WWI Film Triggers Whiny GQ Sex Writer

WWI Film Triggers Whiny GQ Sex Writer

WWI Film Triggers Whiny GQ Sex Writer

The film 1917, set in World War I, has already won two Golden Globe awards, for best drama and best director. Now the WWI movie is in the Oscar running with ten nominations, including Best Picture.

Finally, the long-forgotten war is getting its cinematic due. Fortune magazine celebrates WWI earning its place in the cultural spotlight. Plus, historians at the National World War I Museum in Kansas City call it “an important representation because it allows people to understand the carnage that was World War I.”

But a writer at GQ Magazine is not so enthusiastic. She complained, “Where are the stories about Not-White-Men’s Lives?”

Who is this whiny writer, anyway?

She goes by the preposterous moniker “Sophia Benoit” (pronounced Ben-WAHH) and pens heavyweight cultural fare such as “The 7 Sexiest Things Men Did Last Month,” and “A Museum is a Terrible Place for a Date.” The latter tells me that Ms. Ben-WAHH doesn’t like museums, much less history museums. Or perhaps history in general, for that matter.

So she griped about 1917 at Twitter:

“I’m not ‘upset’ that there weren’t many women in the movie 1917; I f****** get that there were not very many women in trenches. The qustion is why does that story keep getting told?”

But seriously, Benoit is really not angry. She says so.

“Folks, I’m not even ‘upset’ or ‘made’ or w/e that 1917 got made. I’m sure it’s great! That’s outside the question at hand which is where are the stories about not-white-men’s lives & why are they still not getting made?”

Right. Benoit isn’t miffed at the success of this male-dominated film. And Nancy Pelosi has never had plastic surgery, either.

Yes, men fought WWI. Its leaders were men, too. And while this airhead claims she’s an expert on sex, she knows nothing about history.

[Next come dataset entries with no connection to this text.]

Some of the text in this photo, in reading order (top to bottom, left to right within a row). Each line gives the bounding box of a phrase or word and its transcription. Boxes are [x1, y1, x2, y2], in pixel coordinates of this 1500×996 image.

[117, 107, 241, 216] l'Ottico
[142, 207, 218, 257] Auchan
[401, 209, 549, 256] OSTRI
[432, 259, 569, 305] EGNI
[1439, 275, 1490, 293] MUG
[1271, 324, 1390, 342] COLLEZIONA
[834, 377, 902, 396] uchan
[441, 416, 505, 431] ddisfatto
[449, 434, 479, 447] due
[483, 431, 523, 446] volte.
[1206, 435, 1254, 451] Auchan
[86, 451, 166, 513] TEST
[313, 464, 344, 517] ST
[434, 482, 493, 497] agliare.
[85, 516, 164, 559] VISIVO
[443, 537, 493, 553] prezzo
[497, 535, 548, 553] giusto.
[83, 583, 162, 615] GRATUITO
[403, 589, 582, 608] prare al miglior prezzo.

To be sure, it’s difficult to understand the cause of WWI. It doesn’t resonate like World War II with easy-to-understand accounts of Pearl Harbor and Nazi atrocities.

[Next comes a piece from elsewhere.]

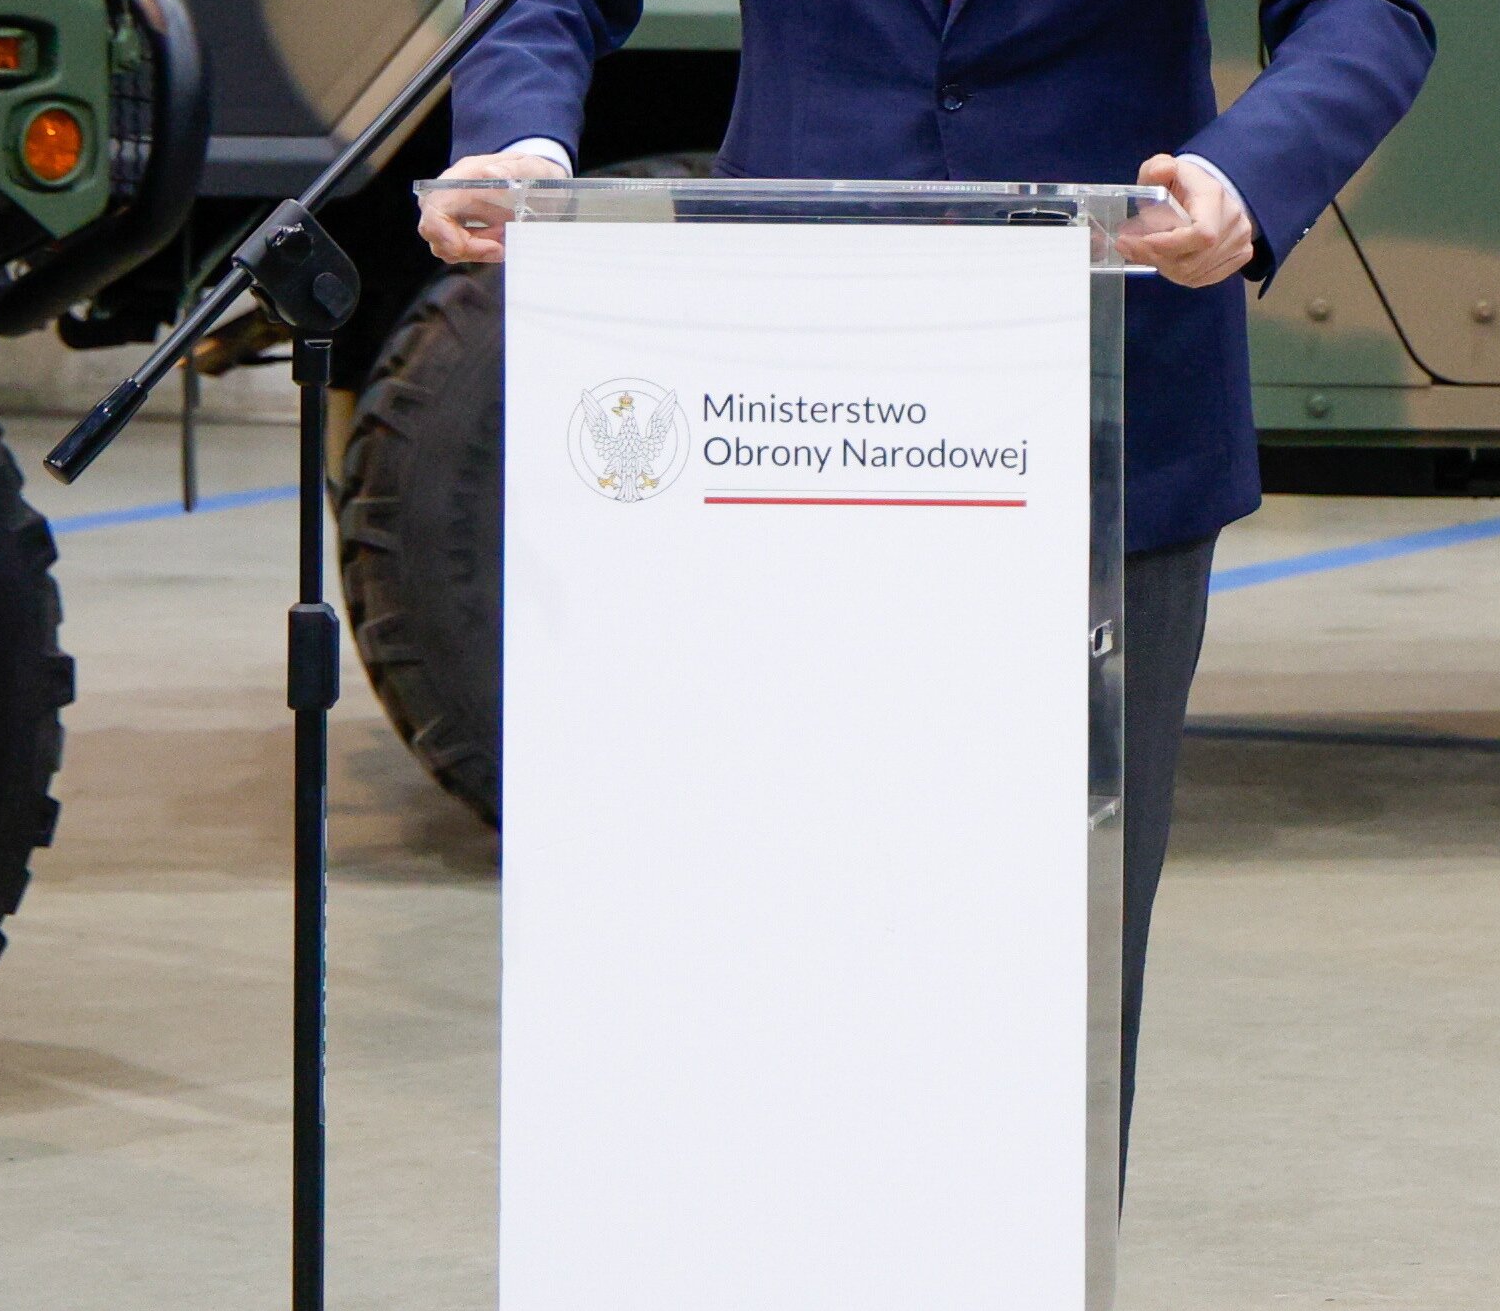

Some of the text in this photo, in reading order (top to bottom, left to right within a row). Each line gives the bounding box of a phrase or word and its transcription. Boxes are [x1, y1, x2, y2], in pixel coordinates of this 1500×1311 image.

[703, 392, 927, 425] Ministerstwo
[703, 435, 1028, 477] Obrony Narodowej

Instead, the prelude to the Great War featured nationalism, populism, and a series of incidents that melded into a perfect storm in August, 1914, when European nations fell into alliances like dominoes.

That long-forgotten conflict, which raged primarily across Europe and the Middle East from 1914-1918, changed our modern world in ways that Ms. Benoit should know about, if she weren’t so angry that white men largely fought the war.

WWI saw the introduction of planes and tanks as weapons. New medical technologies were developed to deal with wounds caused by machine guns, including prevention of infection in an era before penicillin. Head injuries also prompted development of helmets, and for the first time, doctors studied “shell shock.”

WWI

Renault FT-17 tank at National WWI Museum. Personal collection.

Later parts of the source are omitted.